Catching up on The Jazz in most Caribbean festivals nowadays can be quite the juggling act. Either it is buried somewhere in the middle of the roster or the bands are “disposed” of at the top of the schedule before the fans start showing up in earnest. To be fair, so to the modern and indigenous dance troupes and the “Dub Poets” at Creole in the Park, Commonwealth of Dominica in the week leading up to the World Creole Music Festival.

A tidbit of Jazz was slipped into the four-day event between midday and 05:00 pm on October 25, 2011.  The lucky souls were Shades of Green, a Dominican band which has been part of the Jazz revival in the Nature Isle.

I got to the Botanic Gardens ahead of time not to miss the performance of this band, which I had only heard about but never seen live, braving the inclement weather and the muddy conditions resulting from days of torrential showers.
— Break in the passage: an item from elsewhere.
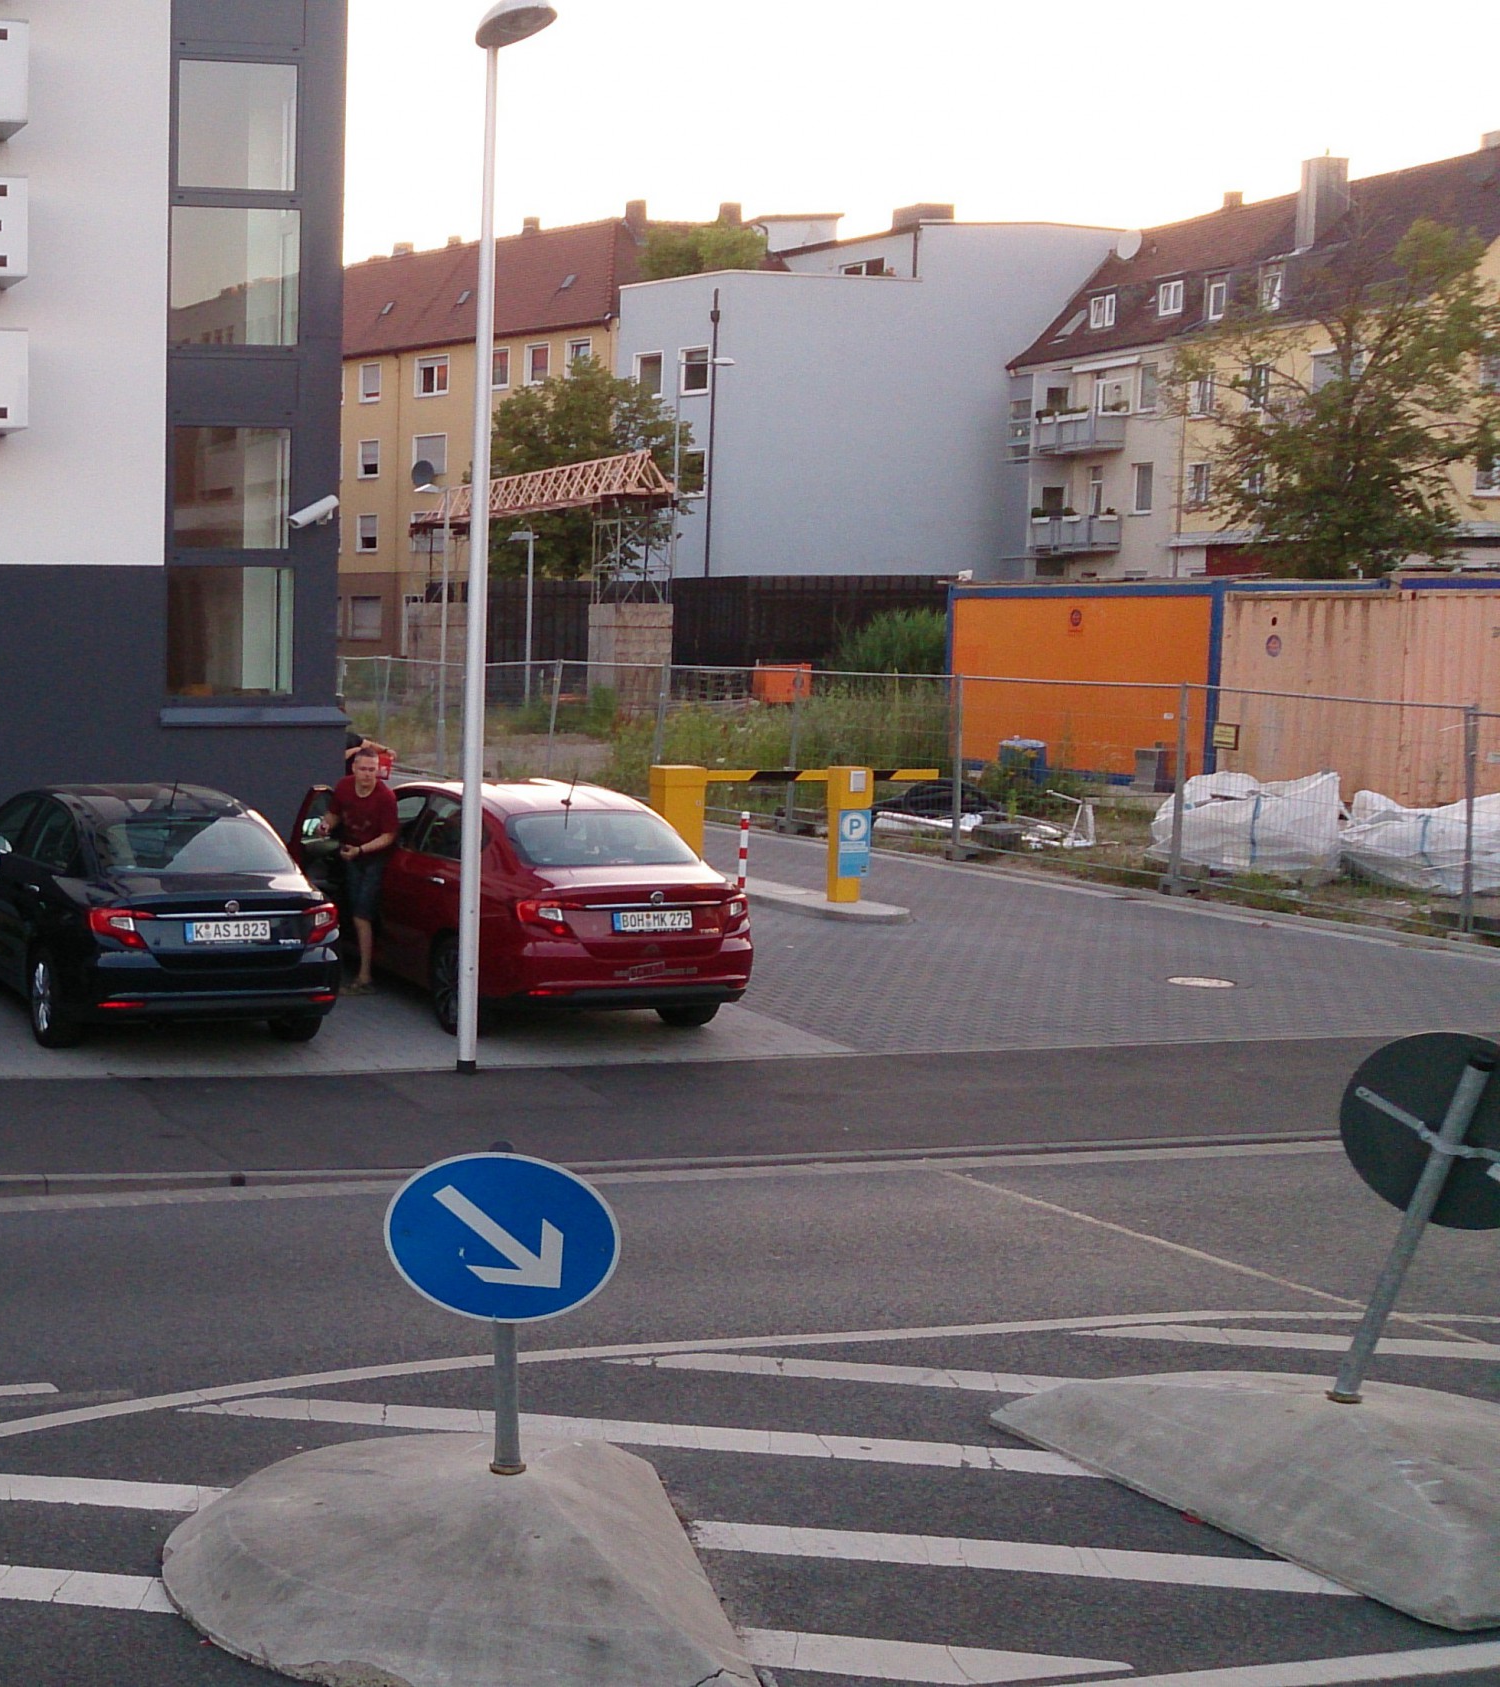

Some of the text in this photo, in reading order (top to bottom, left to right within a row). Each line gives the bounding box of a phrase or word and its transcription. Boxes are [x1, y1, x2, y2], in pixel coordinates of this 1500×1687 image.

[849, 818, 862, 836] P
[622, 912, 691, 928] BOH MK 275
[195, 923, 268, 939] K AS 1823
Fortunately, on this particular afternoon, the umbrellas could well have been left tied up or bagged as Shades, dressed all in black, broke through the murmur with a mind-awakening piece drenched, not in rain, but in Mazouk. Great! After all, it was Independence time and everyone was expected to eat creole, talk creole, dress up in madras, dance the quadrille and bélé, tell the unbelievably tall tales in the ‘kont‘ tradition, listen to and play recorded Jing ping music, Cadence-lypso and Bouyon music…and, yes, take in The Jazz spiced up with creole rhythms.

I am being carried away here…

Quanti Bomani

That opening song was all the creole Jazz Shades of Green would play.  They quickly turned to what they are probably most comfortable doing, Smooth-Jazz. But theirs was less clichéd than expected mainly because of the addition of rock guitar and the straight-ahead tenor saxophone of fleeting guest, Yusufu Quanti Bomani, the Dominican Jazz troubadour visiting from the US.

Still in this edgy vein, Shades presented a curious composition called “Arise,” a composition with a funky back beat, bridged by Salsa and Latin sensibilities underneath a lead guitar reminiscent of Carlos Santana.

The band cooled down the pressure by bringing on the wonderful Tiffany to do my one-time radio theme song, “Smooth Operator” and “Route 66.”

To close, Shades of Green completely transformed “My Favorite Things” into a Jump-Blues romp setting the stage beautifully for the rest of the Creole in the Park acts to follow.